Une forme de valorisation de soi, une compétence transposable
60Le sentiment de reconnaissance que les migrants tirent de leur travail aux États-Unis, ne peut prendre sens qu’en référence à l’expérience antérieure qu’ils en ont eue à Mexico. Il s’inscrit donc dans un « cadre de référence dual » (« dual frame of reference »), en fonction duquel les migrants tendent à évaluer leur situation dans le pays d’accueil selon des repères empruntés à leur vie dans leur pays d’origine (Suárez-Orozco, 1989, cité par Reese, 2001, p. 456).
L’inclusion dans le travail salarié
61Le fait d’être employé dans une structure formelle, même aux bas échelons, génère d’abord chez les travailleurs un sentiment d’inclusion, qui se traduit par le dialogue possible avec des supérieurs hiérarchiques inexistants au Mexique. Carlos raconte sa rencontre avec ses supérieurs, dans le Mac Donald’s pour lequel il travaille depuis plusieurs mois.
« Il y a un mois, j’ai eu un entretien avec la fille du patron et une autre personne qui parle l’espagnol, une femme qui a du pouvoir, qui est à la tête de tous les restaurants. Elle m’a dit : “Le travail tu le fais très bien, on ne veut pas te perdre parce que tu es un très bon travailleur. On en a vu passer d’autres, qui sont Américains, ou Noirs, mais eux, au poste que tu occupes, ils ne travaillent pas bien. Toi tu travailles bien et on voudrait que tu restes.” “Non, je réponds, moi aussi, de mon point de vue, je suis content de travailler avec vous. Mais je voulais être sûr que vous étiez content de mon travail, parce que c’est vous qui payez, c’est vous qui décidez, et si vous êtes contents de moi, parfait, pour moi il n’y a pas de problème parce que moi je veux travailler” » (Peoria, 2007).
62La relation de pouvoir entre Carlos et ses employeurs est écrasante. La soumission de Carlos (« c’est vous qui payez, c’est vous qui décidez »), sa déférence (« je voulais être sûr que vous étiez contents de mon travail »), sont manifestes, ainsi que l’urgence qui le pousse à se résigner aux conditions de travail imposées par la direction et à se conformer au rôle du parfait immigré (« moi, je veux travailler »). Pourtant, l’insistance avec laquelle Carlos revient sur les compliments qui lui ont été faits sur ses capacités de travail témoigne de sa fierté. Celle-ci paraît accentuée par la position de pouvoir de ses interlocuteurs dans la compagnie, et par la comparaison racialisante avec d’autres populations, à son avantage – le stéréotype du « bon travailleur mexicain » ressurgit ici clairement. À Mexico, où il était ouvrier sur des chantiers, sans contrat fixe, Carlos n’avait pas de responsable hiérarchique pour le complimenter sur son travail ; en outre, il faisait partie des populations racialisées au plus bas de l’échelle sociale.

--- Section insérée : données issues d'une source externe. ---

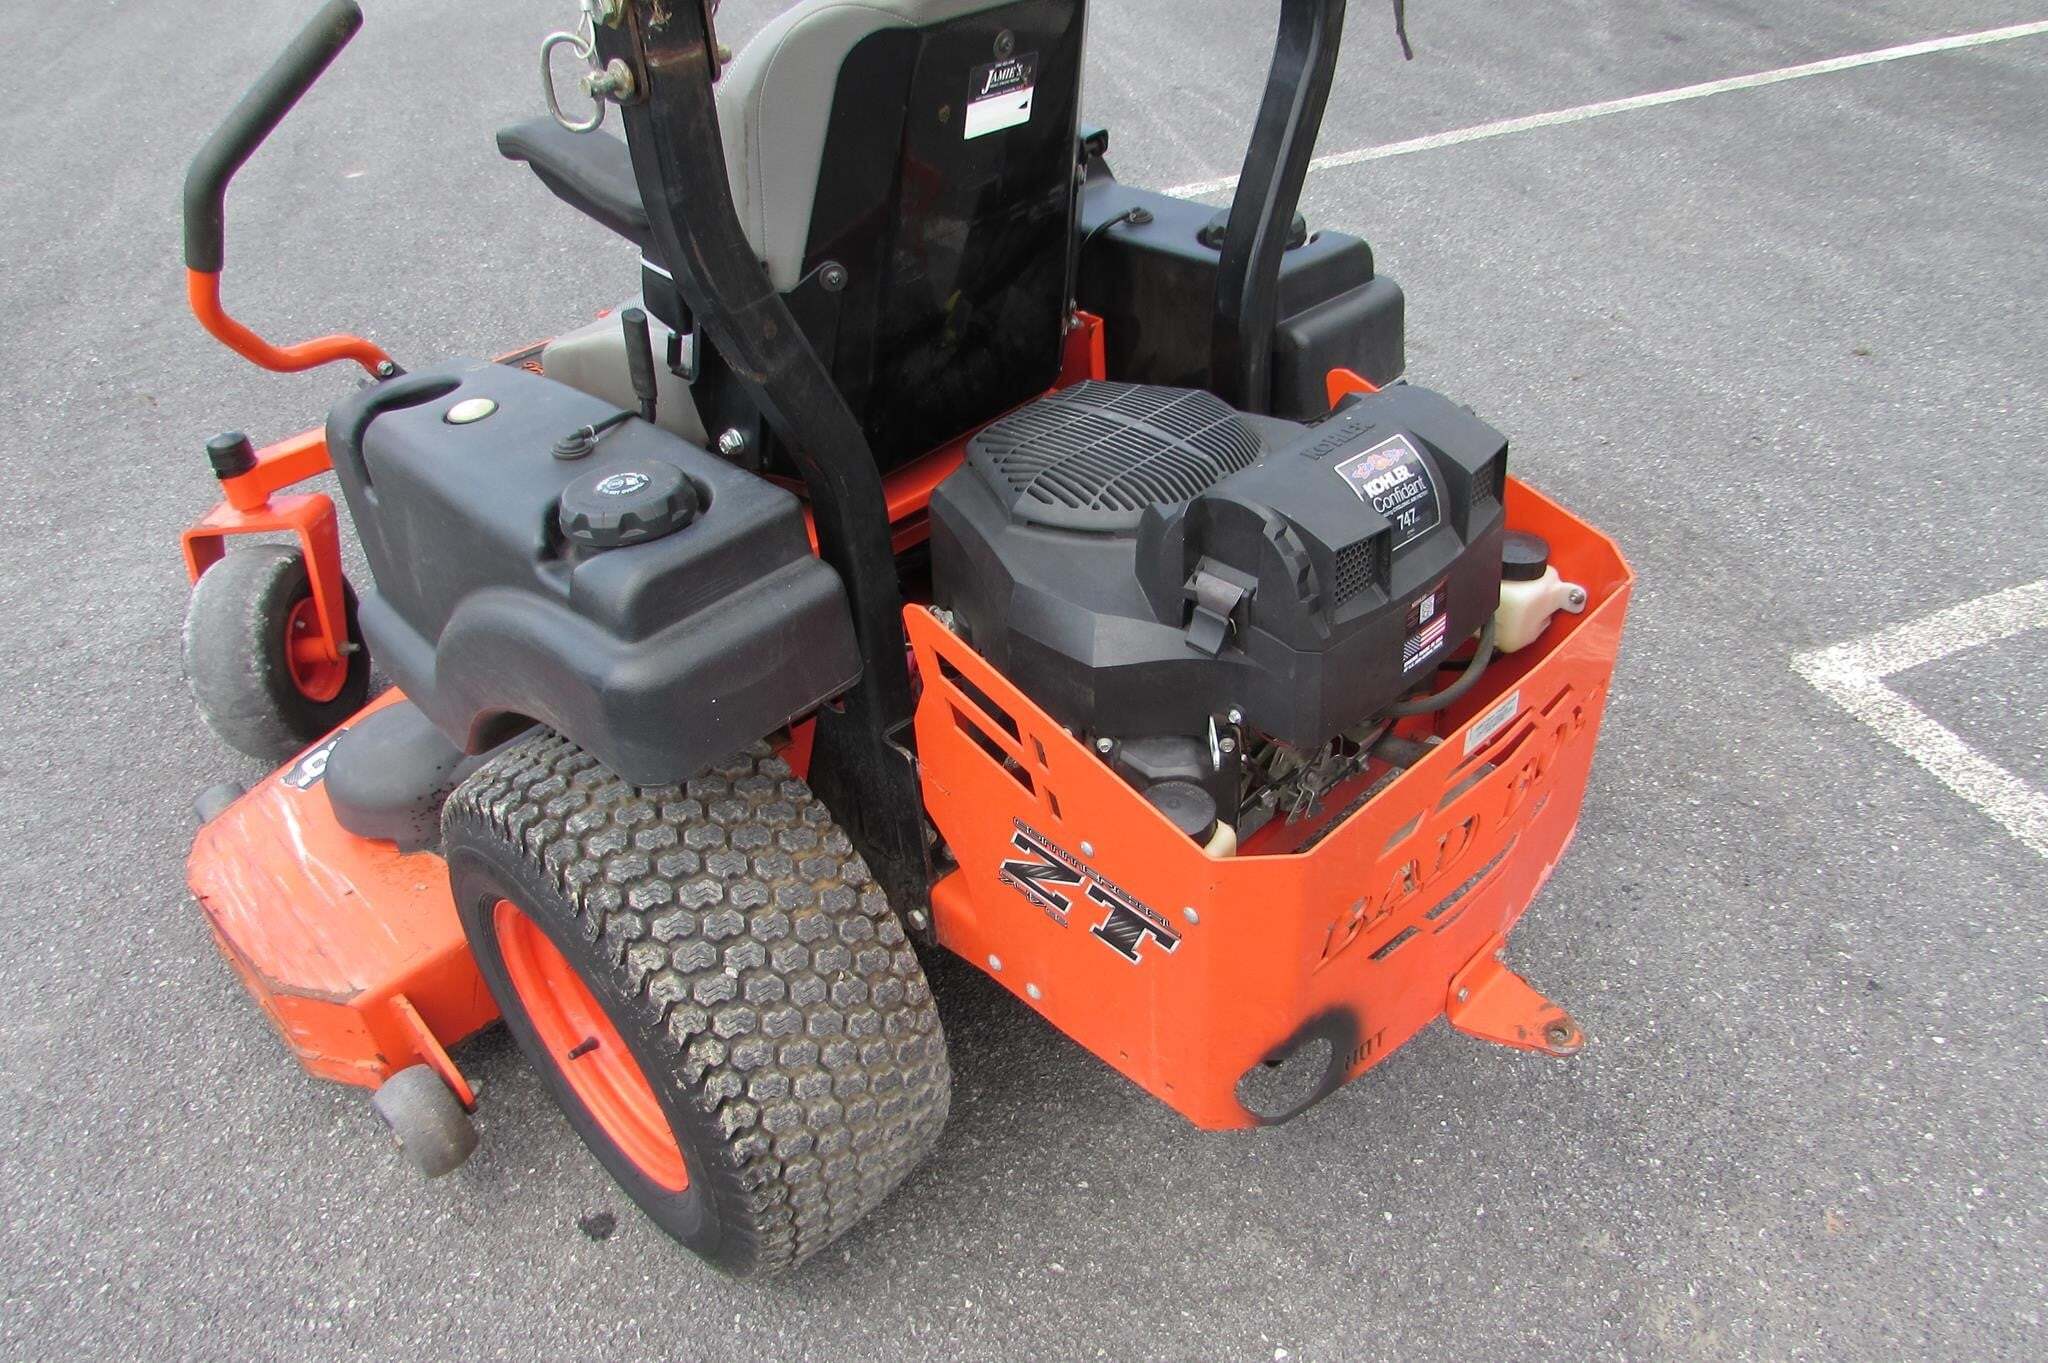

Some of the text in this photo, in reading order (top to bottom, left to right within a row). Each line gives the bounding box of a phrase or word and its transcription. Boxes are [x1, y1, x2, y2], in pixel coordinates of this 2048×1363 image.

63La lecture que fait Simmel du salariat, dans La philosophie de l’argent, permet d’aller plus loin dans l’analyse de la réaction de Carlos. À l’inverse d’une lecture marxiste de l’aliénation par le salariat, Simmel considère en effet que la marchandisation du travail, dans le cadre du travail salarié, ouvre une marge d’autonomie pour les travailleurs. Contrairement à ces formes anciennes où le travailleur se sent soumis en tant que personne, grâce au contrat de travail le travailleur moderne fournit une prestation objective, fixée avec précision, impersonnelle. « La subordination n’[est] plus de nature subjective et personnelle, mais technique » (Simmel, 1999b, p. 416). Ainsi, le travailleur peut accroître sa conscience de soi.
« Assurément, le travailleur est enchaîné à son travail comme à la glèbe, mais la fréquence avec laquelle l’économie monétaire remplace les patrons, les multiples possibilités de choix et de changements accordés au travailleur par le salaire en espèces, donnent à celui-ci une liberté d’un type nouveau au sein même de la dépendance. L’esclave ne pouvait pas changer de maître, fut-il prêt à accepter des conditions de vie bien pires – cela est possible à tout moment pour le salarié ; tandis que disparaît le poids de la dépendance irréversible par rapport à un maître individuellement déterminé, s’ouvre le chemin menant, en dépit de toutes les obligations concrètes, à une forme de liberté personnelle. Que ce début de liberté soit le plus souvent sans influence sur la situation matérielle du travailleur ne doit pas nous empêcher de le reconnaître » (Simmel, op. cit., p. 368).
64Certes, le salarié est subordonné, dans un rapport de force qui lui est défavorable, il est aussi exploité, mais il n’est pas aliéné, car il dispose d’une certaine autonomie.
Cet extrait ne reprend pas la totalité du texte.